**DATA LISTING**
+-------+

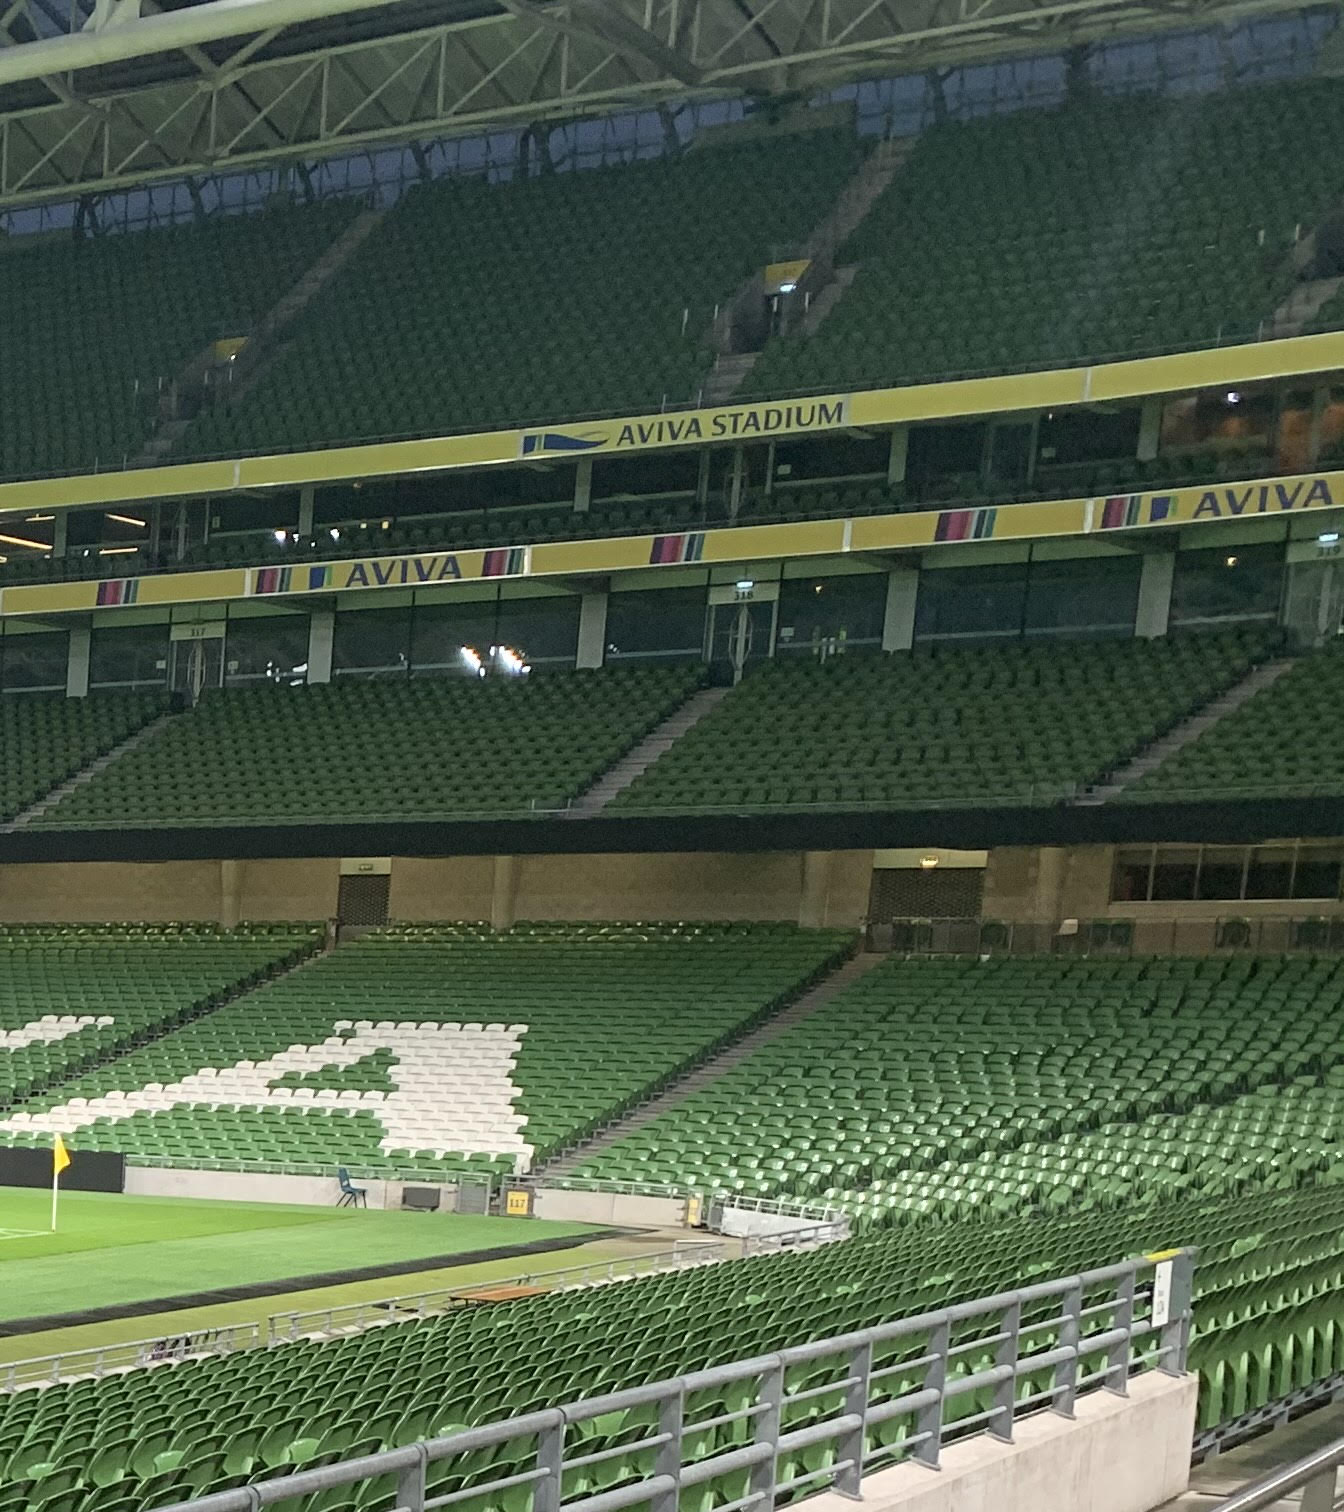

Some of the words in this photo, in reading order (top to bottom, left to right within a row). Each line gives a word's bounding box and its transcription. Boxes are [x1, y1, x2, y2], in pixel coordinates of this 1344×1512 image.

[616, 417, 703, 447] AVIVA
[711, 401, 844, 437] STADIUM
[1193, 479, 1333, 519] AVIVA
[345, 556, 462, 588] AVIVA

+-------+

**PROBLEM**
Exclude the pictures and give back the rest of the data above exactly as written.

**REPLY**
Some of the words in this photo, in reading order (top to bottom, left to right within a row). Each line gives a word's bounding box and its transcription. Boxes are [x1, y1, x2, y2], in pixel coordinates of this 1344×1512 image.

[616, 417, 703, 447] AVIVA
[711, 401, 844, 437] STADIUM
[1193, 479, 1333, 519] AVIVA
[345, 556, 462, 588] AVIVA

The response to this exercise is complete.